Nel corso di un’assemblea tenutasi a San Felice Circeo, sono confluite in Cna Balneatori le imprese balneari di Anzio, Ardea, Torvajanica, Scauri, Formia, Gaeta, Terracina e San Felice Circeo.
Grande convergenza dei balneari laziali di Cna Balneatori sui seguenti punti deliberati all’assemblea nazionale di Ravenna:
1. Proroga delle concessioni di almeno 30 anni a far data dal 31 dicembre 2020.

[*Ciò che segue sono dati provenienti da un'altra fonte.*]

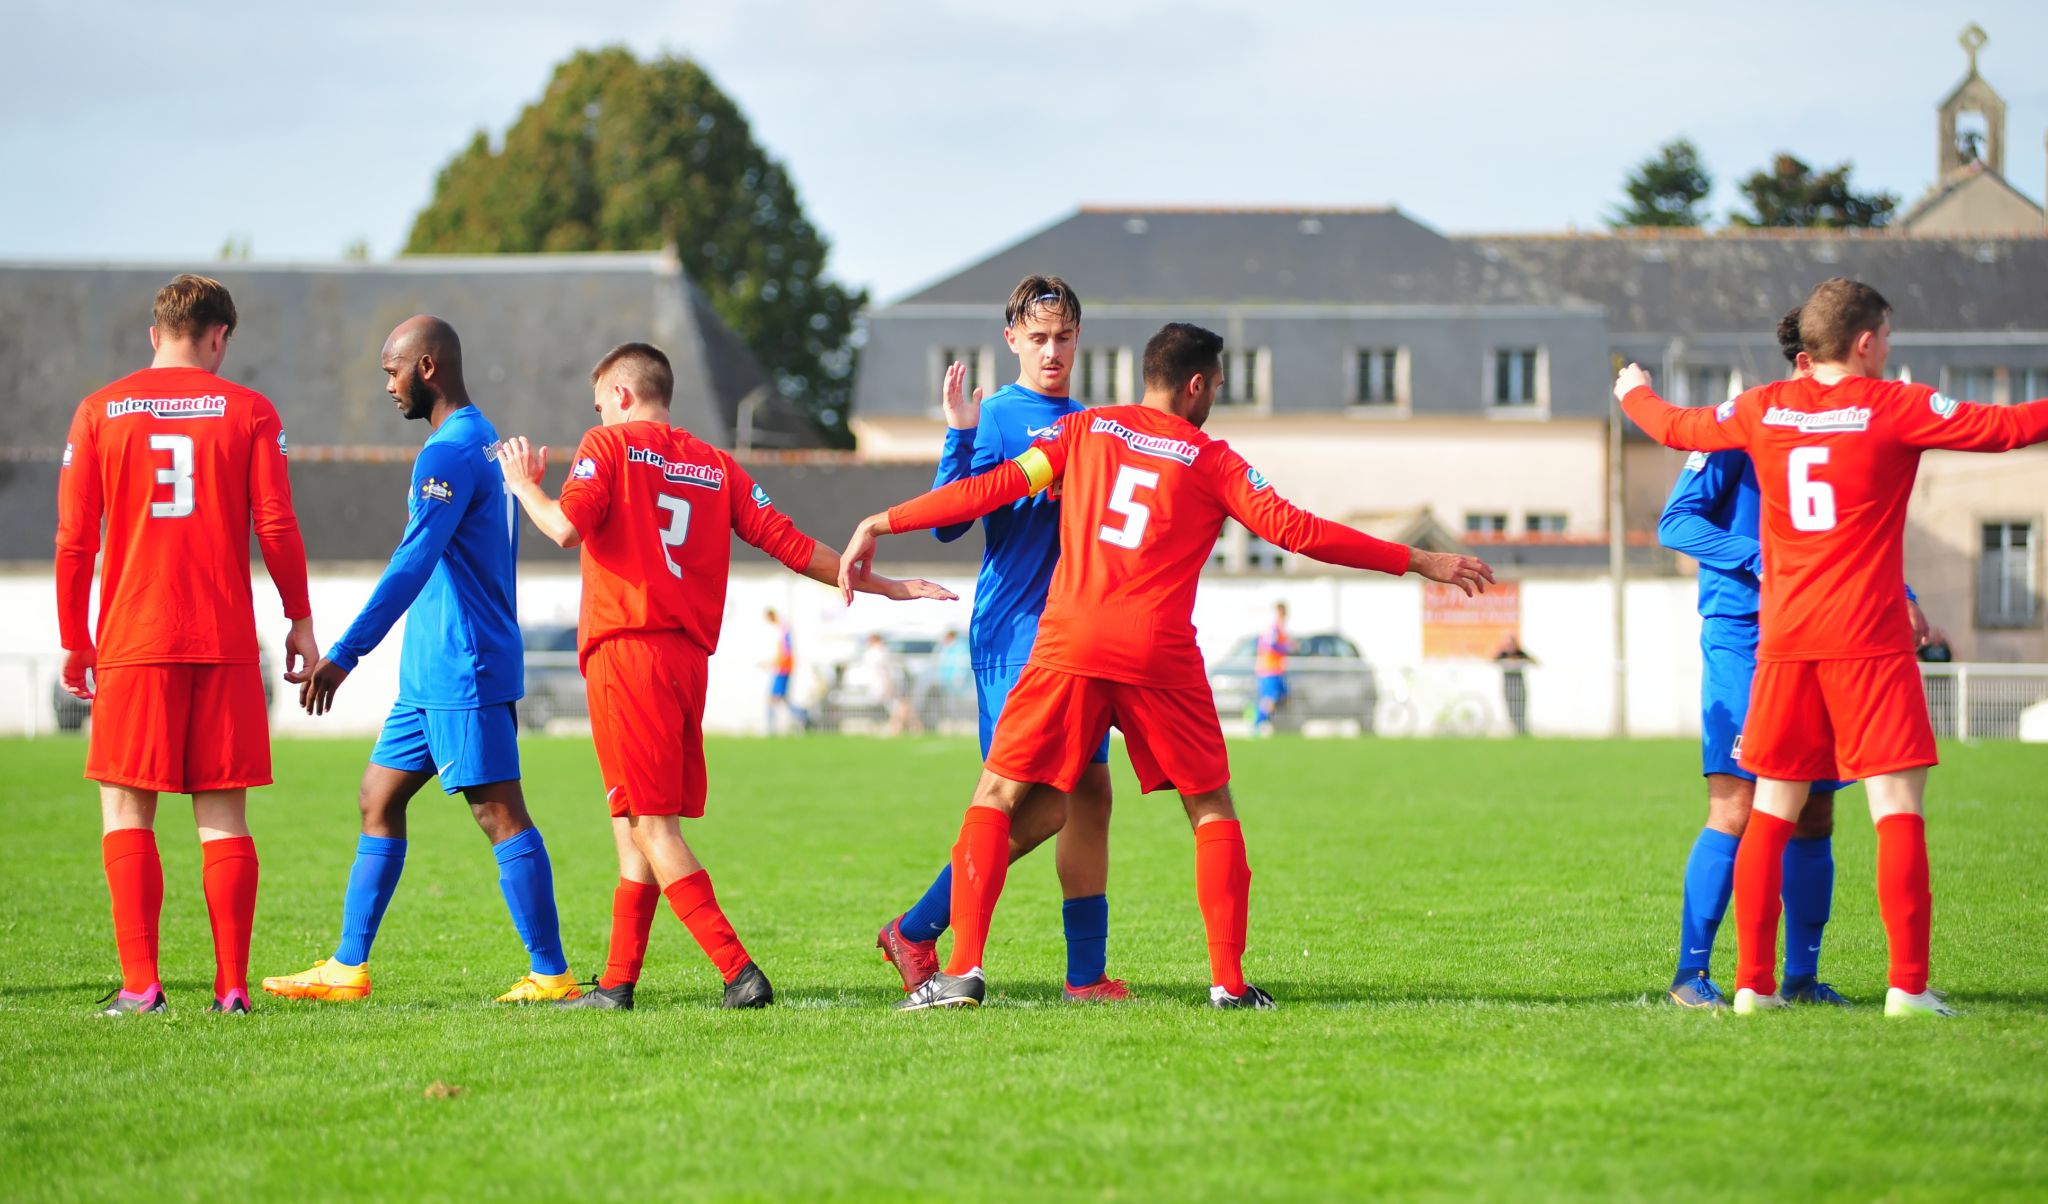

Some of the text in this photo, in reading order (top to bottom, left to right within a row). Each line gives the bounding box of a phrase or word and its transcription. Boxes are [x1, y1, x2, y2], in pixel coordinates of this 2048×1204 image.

[150, 434, 195, 517] 3
[1098, 463, 1160, 549] 5
[1788, 446, 1836, 532] 6
[657, 492, 692, 579] 2
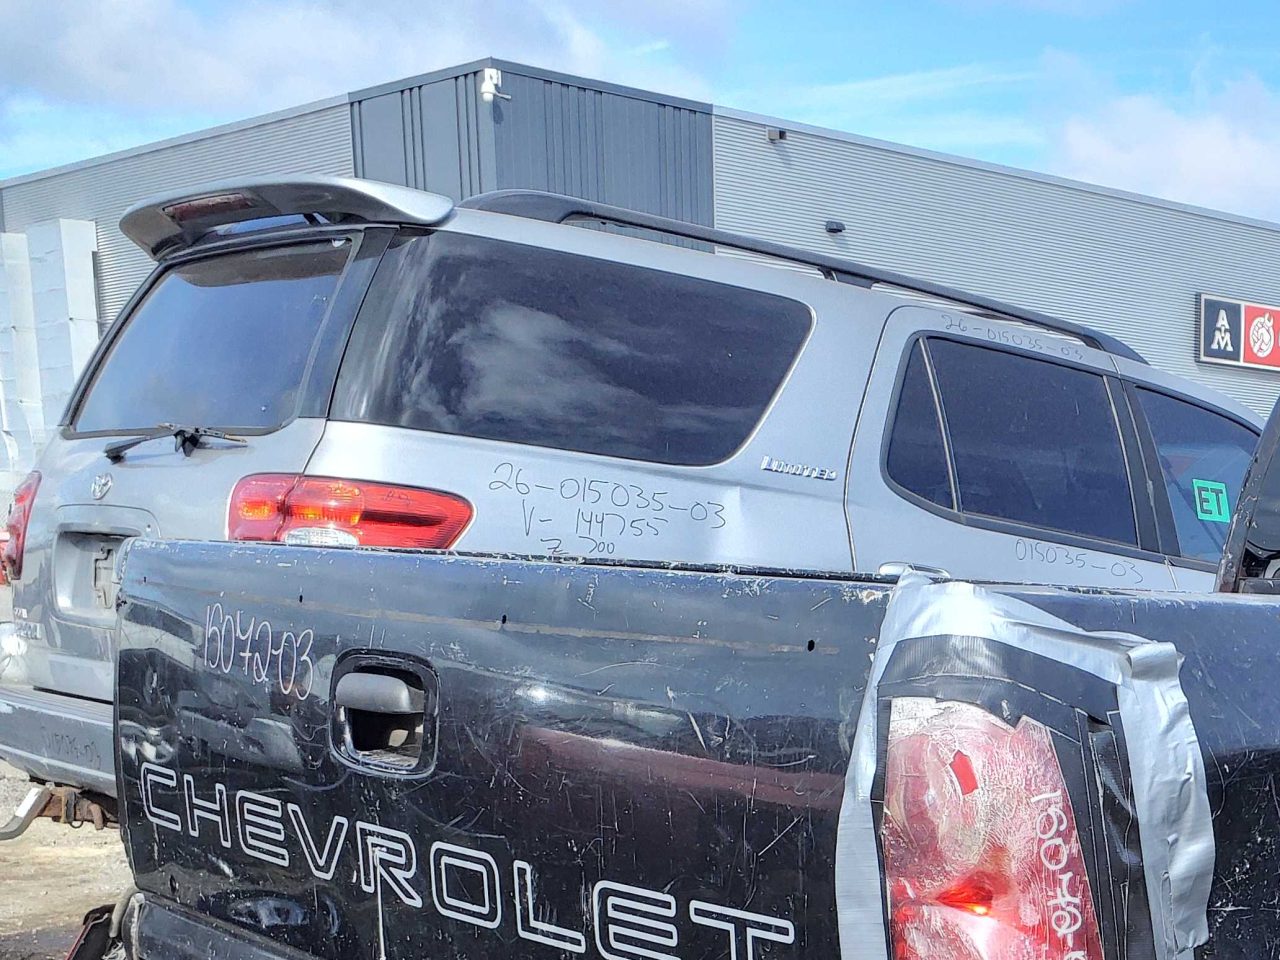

2. Difendere, anche all’esito del periodo transitorio, la libertà di intrapresa dei balneatori, i quali sono titolari di un diritto di durata infinita, di rilevanza comunitaria (art. 17 della Carta di Nizza) ed europea (1° Protocollo addizionale CEDU); diritto che va ritenuto impermeabile alla normativa comunitaria sopravvenuta, siccome sorto anteriormente al recepimento della cosiddetta direttiva Bolkestein da parte dell’Italia. Riaffermare, quindi, la titolarità delle imprese a un periodo indefinito di attività che esclude il ricorso a procedure di evidenza pubblica.
3. Indispensabile e improcrastinabile moratoria a favore delle imprese pertinenziali, in attesa della riforma del demanio e degli stessi canoni.
4. Fermo quanto già deliberato a Carrara in ambito Balnearia 2015.